I risultati dell’osso trafitto dal paziente con un periodo di impianto di 5,7 anni, mostrano una serie di differenze rispetto ai risultati del materiale impiantato sottocutaneamente. La degradazione del filo di vite PLLA assomiglia alla degradazione della placca ossea PLLA, ma i resti della vite non sono intrecciati con fibre di collagene e l’internalizzazione delle particelle PLLA da parte delle cellule fagocitanti è molto limitata. Questi risultati possono indicare che ci può essere una variazione nel meccanismo di degradazione tra impianti PLLA sottocutanei e intraossei e la reazione istologica che l’impianto induce. Queste differenze possono essere spiegate dal fatto che forse l’osso corticale può resistere alla pressione osmotica del materiale in degradazione e quindi impedire il rigonfiamento del materiale PLLA. Il materiale PLLA rimane densamente imballato, il che forse impedisce la crescita cellulare e l’internalizzazione delle particelle PLLA.

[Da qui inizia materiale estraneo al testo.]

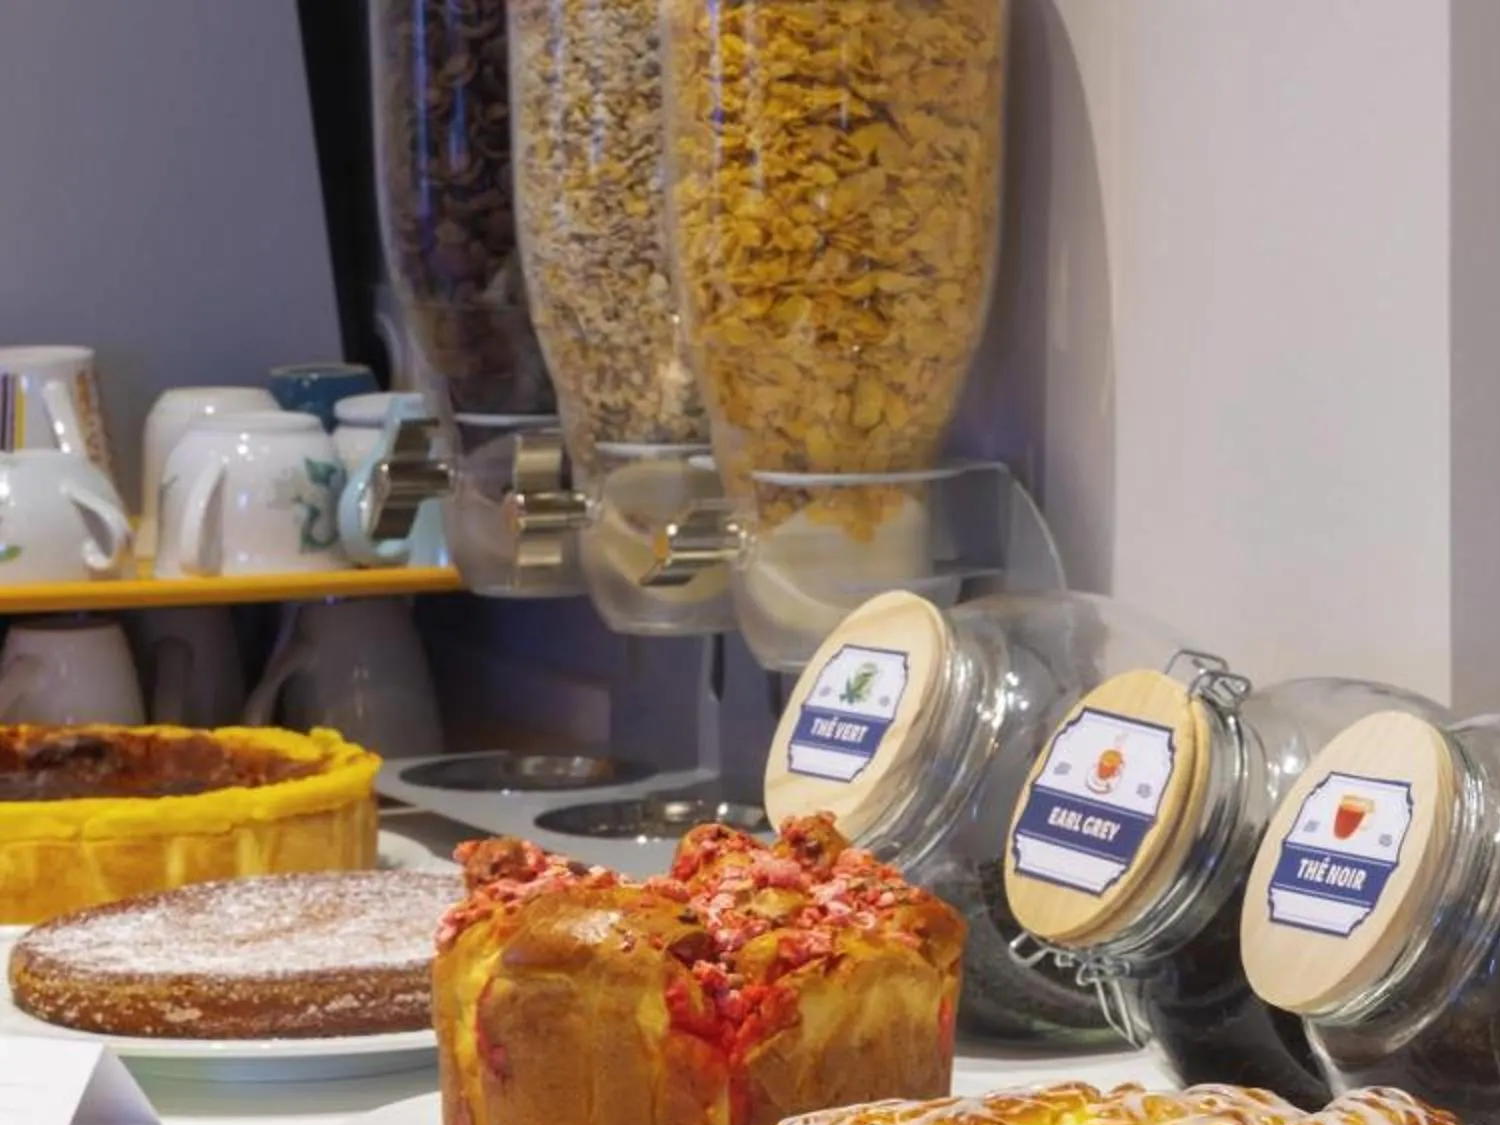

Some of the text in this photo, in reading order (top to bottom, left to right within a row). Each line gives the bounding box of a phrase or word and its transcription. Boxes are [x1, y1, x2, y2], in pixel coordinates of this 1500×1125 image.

[811, 716, 869, 743] THÉ VERT
[1047, 806, 1121, 842] EARL GREY
[1297, 856, 1367, 891] THÉ NOIR

In sintesi, la disintegrazione del PLLA in particelle con il conseguente aumento di volume del materiale PLLA stesso e del tessuto fibroso, può spiegare l’origine del gonfiore descritto. Le particelle di PLLA con un tasso di degradazione idrolitica molto lento, anche se non molto irritabile per la cellula, inducono una reazione cellulare. Si tratta di processi che assomigliano a quelli osservati nella mobilizzazione asettica dell’osso nelle applicazioni ortopediche. La biocompatibilità del materiale PLLA non degradato è stata stabilita in una serie di studi. Le particelle PLLA degradate non causano lesioni cellulari importanti, ma possono indurre e mantenere un gonfiore clinicamente rilevabile, il che potrebbe implicare che queste particelle PLLA non possono più essere considerate completamente biocompatibili. La ricerca futura deve concentrarsi su polimeri biodegradabili che non si disintegrano in particelle altamente cristalline per evitare periodi di degradazione molto lunghi e, in alcune applicazioni, un gonfiore clinicamente rilevabile.